Figure 13 Typical structures that are often encountered in human liver parenchymal cells are the giant mitochondria. This wedge biopsy was fixed by injection, but during the osmium postfixation, ferrocyanide has been added. This compound enhances the contrast of membranes, including the cristae. Giant mitochondria also contain electron-dense granules, as normally seen in small mitochondria (compare Figure 14). Giant mitochondria can also be recognized in plastic sections observed by LM (see Figure 6B). Magnification 19 000 ×.

Figure 14 Giant mitochondria in a wedge biopsy fixed by injection. No ferrocyanide has been added during the osmium postfixation, therefore, membrane contrast is low. Within the giant mitochondria, the occurrence of typical crystals can be observed, together with a highly rhythmical pattern of the cristae. Magnification 34 000 ×.

Figure 15 A major problem in EM preparations of liver tissue is the occurrence of gaps in the endothelial lining. It is assumed that they appear during fixation due to instability of the cytoskeleton, which allows the fusion of fenestrae or the de novo formation of gaps. This SEM picture is from a rabbit liver fixed by portal perfusion.

Figure 16 SEM micrograph of another portal-vein-perfused rabbit liver, which shows a complete intact sinusoid, and apparently no gaps have been formed. Fenestrae occur in sieve plates (groups), the space of Disse seems to be filled by microvilli of the parenchymal cells.

Figure 17 SEM micrograph of rabbit liver, fractured after CPD. In such preparations, the fracture plane separates the intact lateral cell membranes of parenchymal cells, which exposes the bile canaliculi, which are strictly separated from the sinusoids (to the extreme left). The right hand side of the picture shows a bile duct. The luminal surface of the bile duct epithelial cells is covered with numerous small microvilli and single cilia protruding into the lumen of the bile duct.

Figure 18 SEM micrograph of a human injection-fixed wedge biopsy that shows two populations of sinusoids, i. e. normal size (lower half of the picture), and those in the upper half of the picture show sinusoidal dilatation.

Figure 19 TEM image after perfusion fixation of rat liver through the portal vein, which results in an image of parenchymal cells of equal density (with one exception in the low middle part), open sinusoids and open bile capillaries. Original magnification 720 ×.

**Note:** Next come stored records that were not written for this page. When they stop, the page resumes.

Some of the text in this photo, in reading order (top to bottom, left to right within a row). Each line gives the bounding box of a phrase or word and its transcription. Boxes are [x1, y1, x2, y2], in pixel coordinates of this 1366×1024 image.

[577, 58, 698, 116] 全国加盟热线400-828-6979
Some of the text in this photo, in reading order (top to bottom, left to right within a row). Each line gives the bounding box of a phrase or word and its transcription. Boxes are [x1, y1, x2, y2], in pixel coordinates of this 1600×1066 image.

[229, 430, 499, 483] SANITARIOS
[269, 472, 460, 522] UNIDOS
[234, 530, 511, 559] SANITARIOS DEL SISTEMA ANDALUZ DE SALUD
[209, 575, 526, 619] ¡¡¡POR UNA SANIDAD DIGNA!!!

Figure 20 TEM micrograph of a capillary found in diseased human liver, fixed by injection of fixative into a wedge biopsy. Capillary endothelial cells are different from normal sinusoidal endothelial cells; their vacuolar apparatus (pinocytotic vesicles, endosomes, lysosomes, Golgi apparatus) is not developed. The thin cytoplasm contains fenestrae and the capillary is surrounded by a thin, continuous basal lamina that is not present in normal sinusoids. Magnification 6600 ×.

Figure 21 TEM micrograph of a capillary found in diseased human liver, fixed by injection of fixative into a wedge biopsy. The thin endothelial lining contains fenestrae, closed by a diaphragm. Underneath the endothelium, one can observe a continuous basal lamina. Fenestrae in this type of capillary are about 60 nm in diameter. It is supposed that transport from this capillary to the tissue is hampered by the structures mentioned. Magnification 28 500 ×.

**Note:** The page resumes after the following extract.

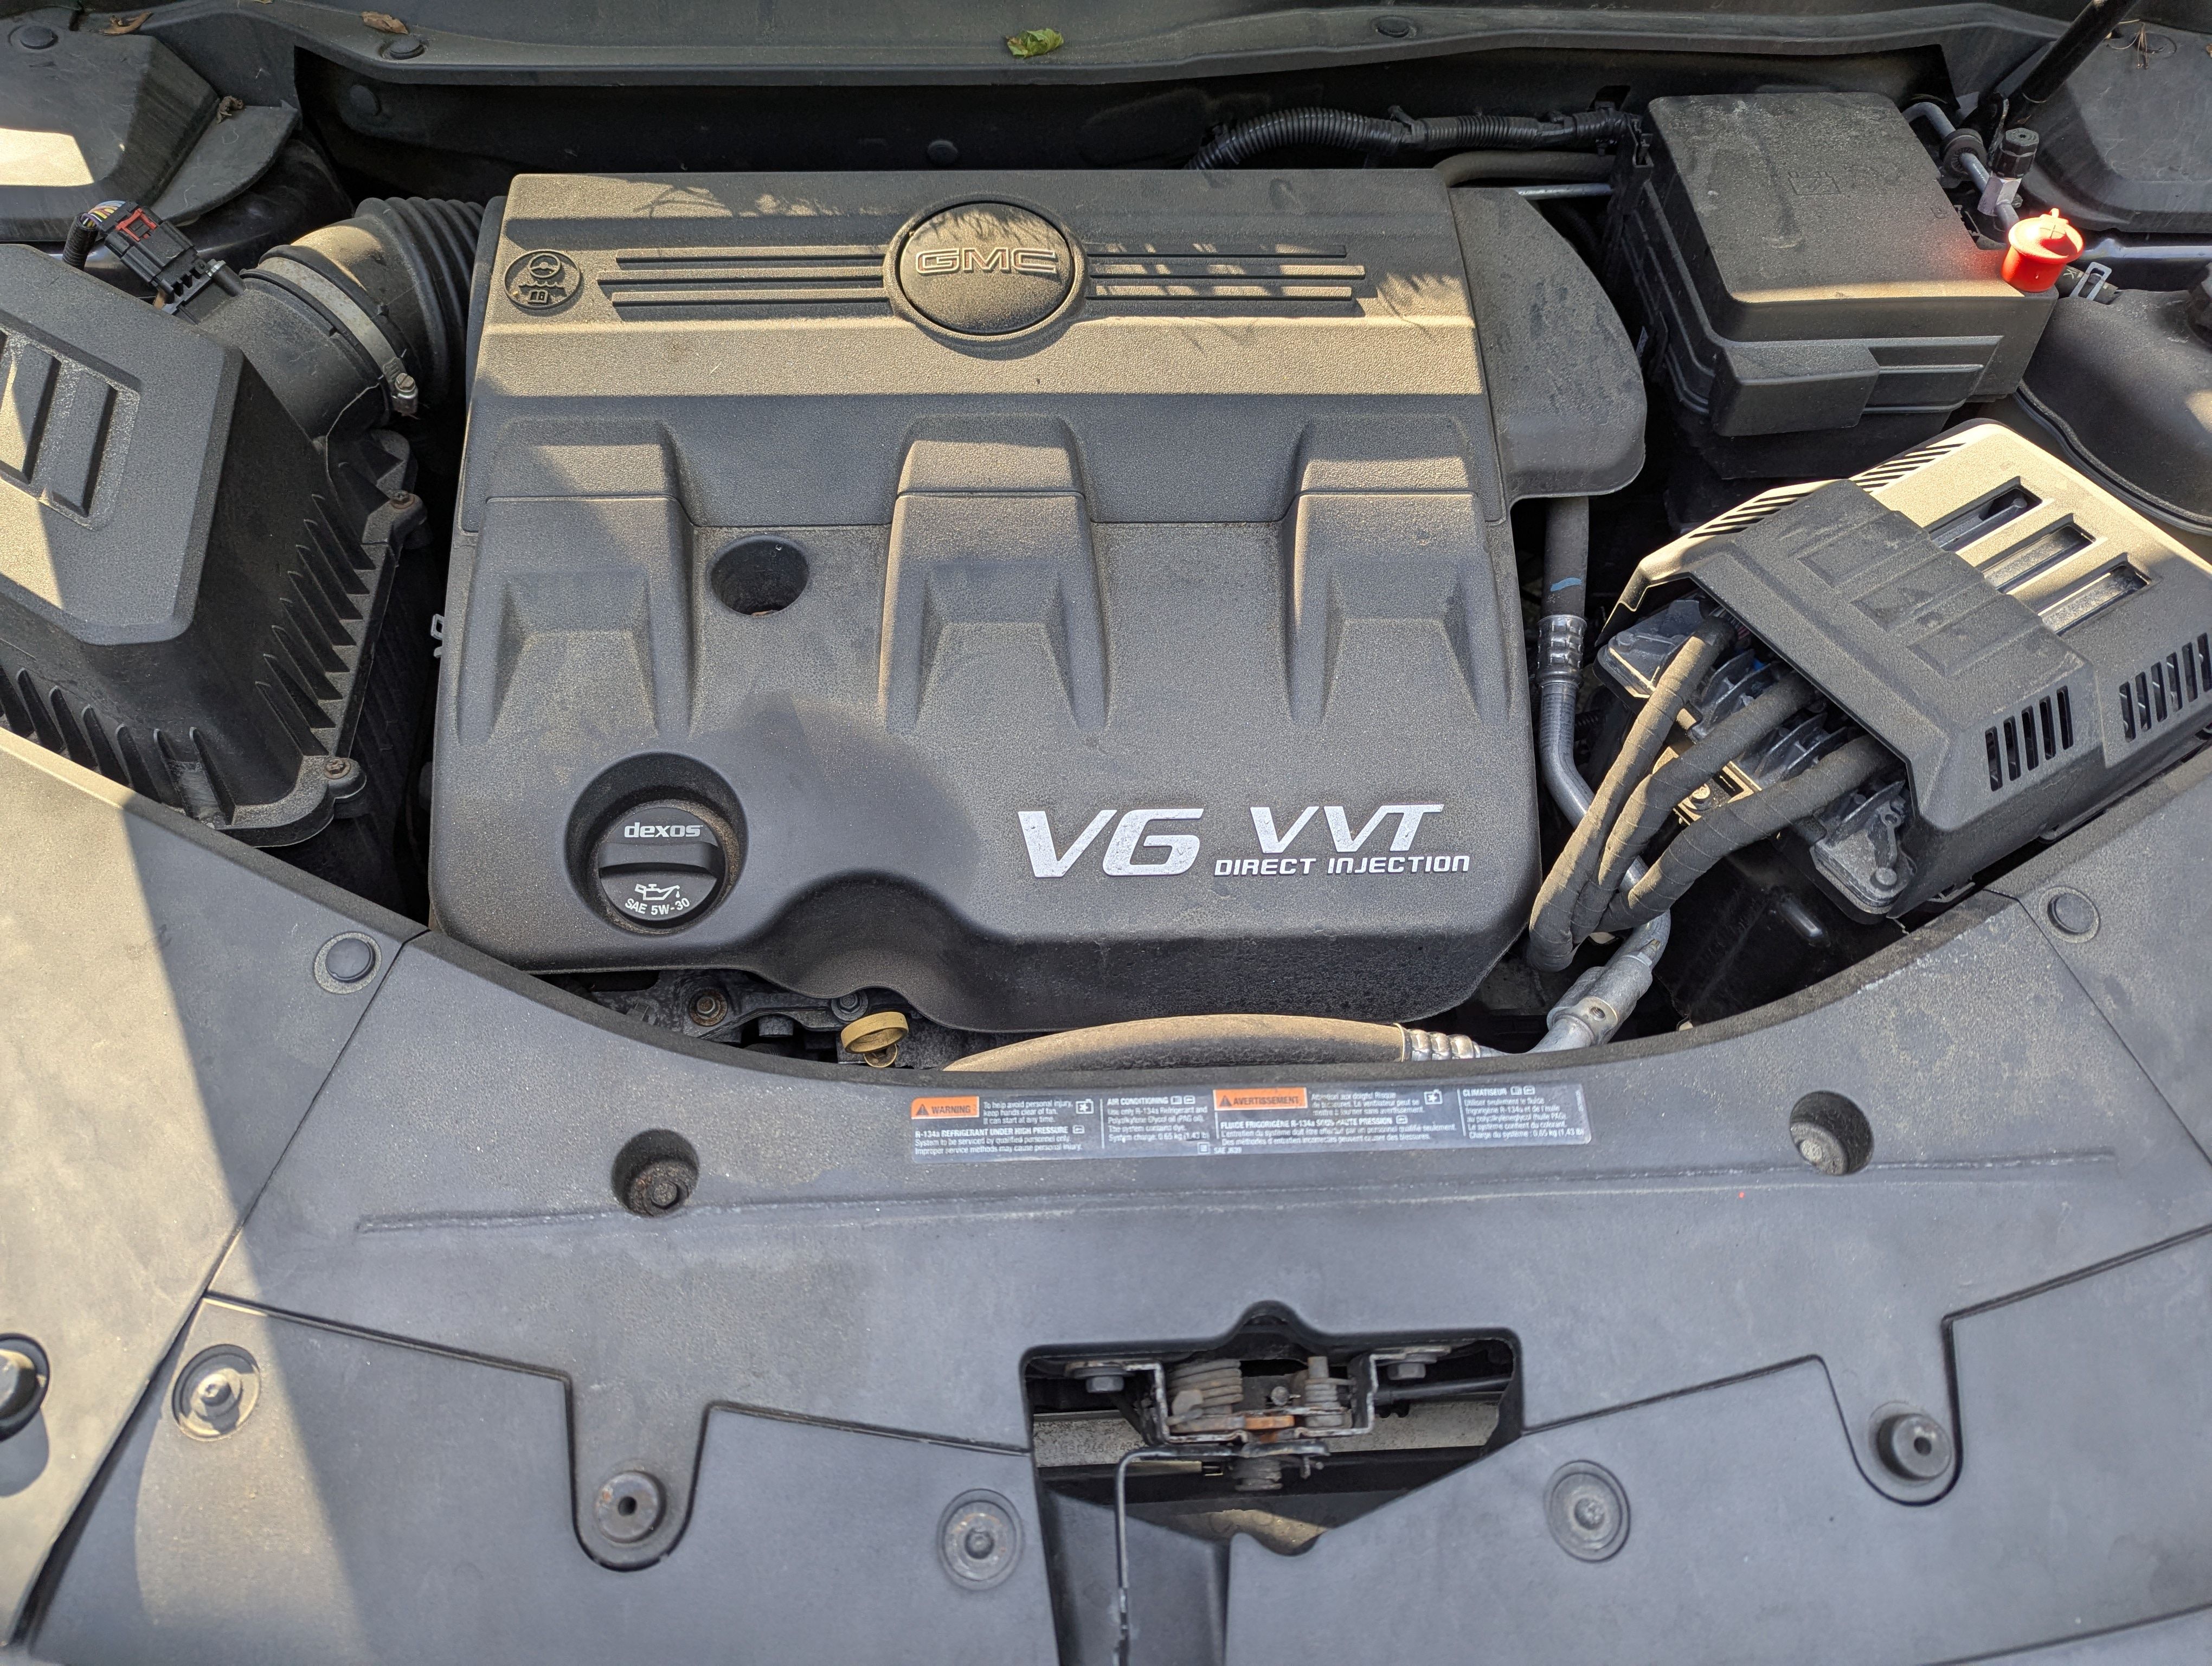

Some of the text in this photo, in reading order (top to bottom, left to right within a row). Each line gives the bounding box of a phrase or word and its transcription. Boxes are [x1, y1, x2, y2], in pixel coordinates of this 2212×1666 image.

Figure 22 SEM micrograph of a portal-vein-perfused rabbit liver. Due to the quality of fixation, fenestrae are preserved, including a surprising detail, named pored domes[32], which are probably the in vivo equivalent of the defenestration center observed in endothelial cell cultures[33]. This structure was not seen in human, mouse, rat or pig liver.

Figure 23 TEM micrograph of an injection-fixed human liver wedge biopsy at 700 × magnification, which shows the presence of dark and light cells next to each other. It is assumed that the differences in density reflect differences in fixation, which often occur in bad fixation.

Figure 24 TEM micrograph of an injection-fixed human liver wedge biopsy, which shows the presence of blebbing, which occurs when cells survive in bad conditions. Incomplete fixation is thought to be the cause. Blebs are either swollen microvilli or originate from the peripheral cytoplasm of parenchymal cells. Original magnification 7900 ×.